Swiss Challenge League
- Season: 2016–17
- Champions: Zürich
- Promoted: Zürich
- Relegated: Le Mont
- Matches: 180
- Goals: 529 (2.94 per match)
- Top goalscorer: Jean-Pierre Nsamé (23 goals)
- Biggest home win: Servette 6–1 Wohlen (11 September 2016) Schaffhausen 5–0 Chiasso (8 April 2017)
- Biggest away win: Chiasso 0–6 Schaffhausen (15 May 2017)
- Highest scoring: Zürich 6–3 Aarau (6 November 2016)
- Longest winning run: Schaffhausen (8 games)
- Longest unbeaten run: Zürich (18 games)
- Longest winless run: Wil (17 games)
- Longest losing run: Aarau Schaffhausen (7 games)
- Highest attendance: 14,455 Zürich 3–0 Wohlen (3 June 2017)
- Total attendance: 505,117
- Average attendance: 2,806

= 2016–17 Swiss Challenge League =

The 2016–17 Swiss Challenge League, known for sponsorship reasons as the Brack.ch Challenge League, was the 14th season of the Swiss Challenge League, the second tier in the Swiss football pyramid. It began on 23 July 2016 and ended on 3 June 2017.
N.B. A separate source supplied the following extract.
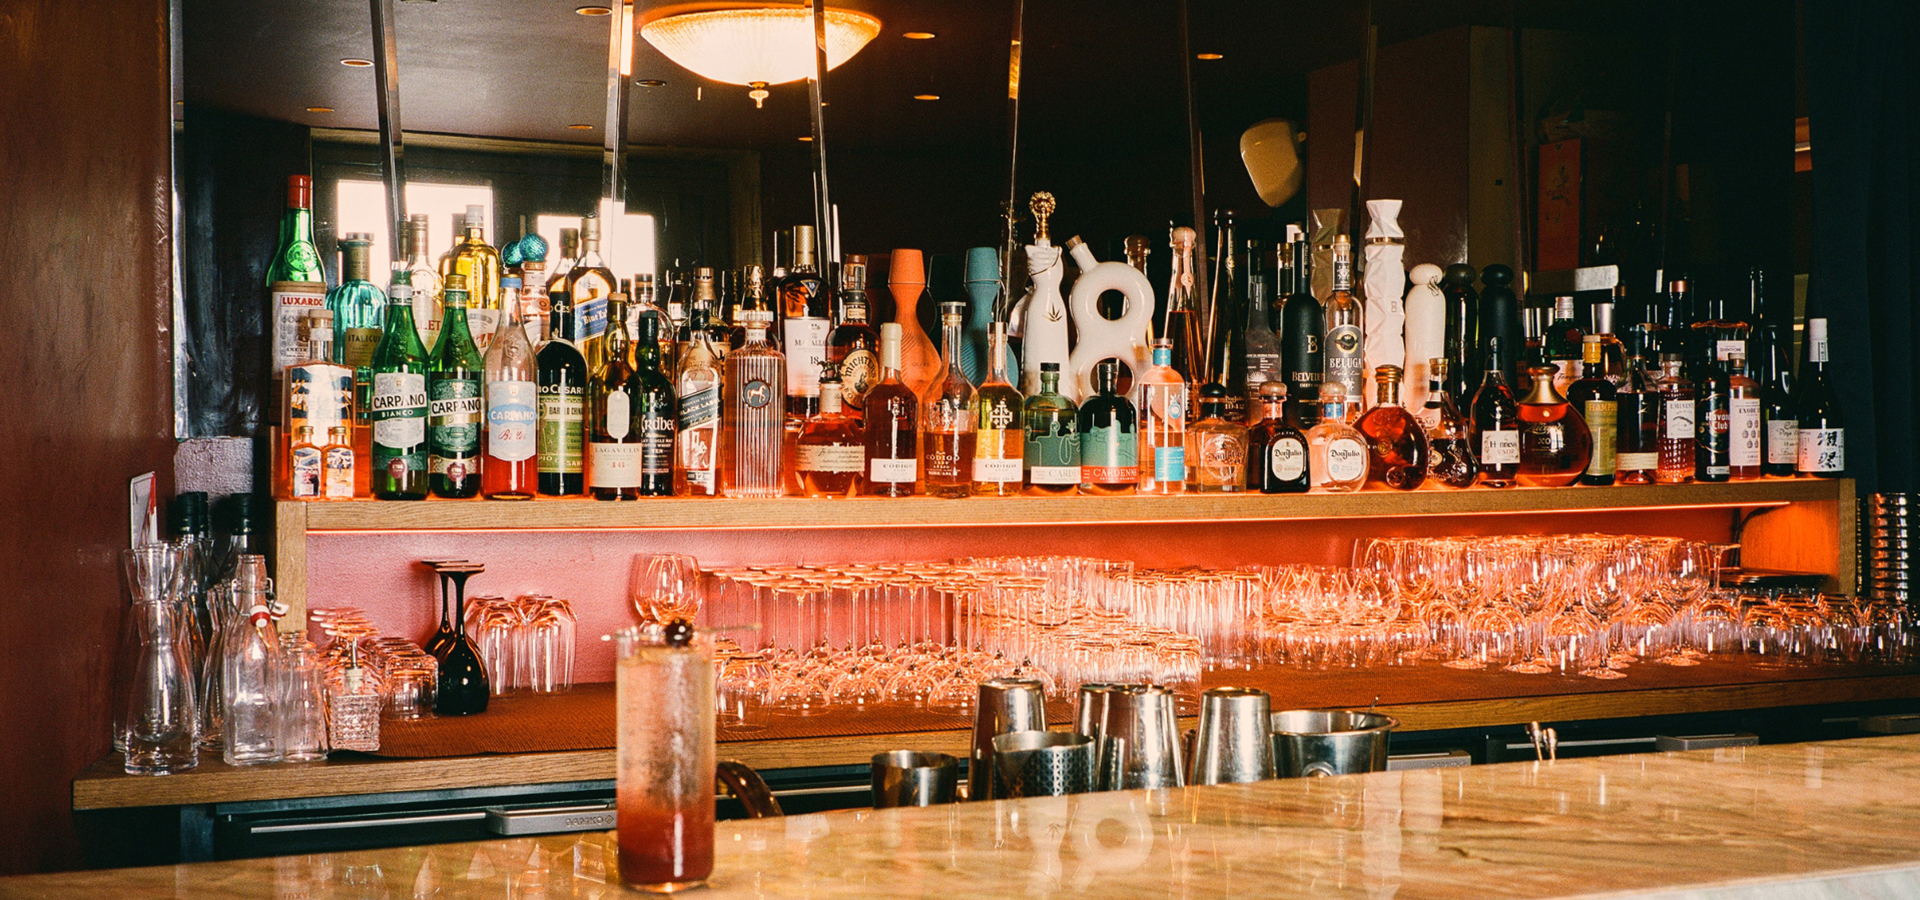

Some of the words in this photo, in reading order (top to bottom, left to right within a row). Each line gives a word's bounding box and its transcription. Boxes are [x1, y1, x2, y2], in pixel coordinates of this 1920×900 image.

On 1 May 2017 FC Le Mont decided to voluntarily relegate three steps down in the league system after being denied a licence to play in the Swiss Challenge League.
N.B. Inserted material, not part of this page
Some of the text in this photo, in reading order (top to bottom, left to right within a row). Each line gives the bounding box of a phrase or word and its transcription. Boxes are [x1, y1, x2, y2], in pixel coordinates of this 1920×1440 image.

On 18 May 2017, Zürich became champions of the 2016–17 Challenge League following their 1–1 draw against Servette and Neuchâtel Xamax's 2–1 defeat at Schaffhausen. They are thus promoted back to the top flight immediately following their relegation the previous season.

==Participating teams==
2015–16 Swiss Challenge League champions FC Lausanne-Sport were promoted to the 2016–17 Swiss Super League. They were replaced by FC Zürich, who got relegated after last place finish in the 2015–16 Swiss Super League. FC Biel-Bienne got relegated from the Challenge League as the Swiss Football League stripped Biel-Bienne of their league licence. Servette FC won promotion from the 2015–16 1. Liga Promotion.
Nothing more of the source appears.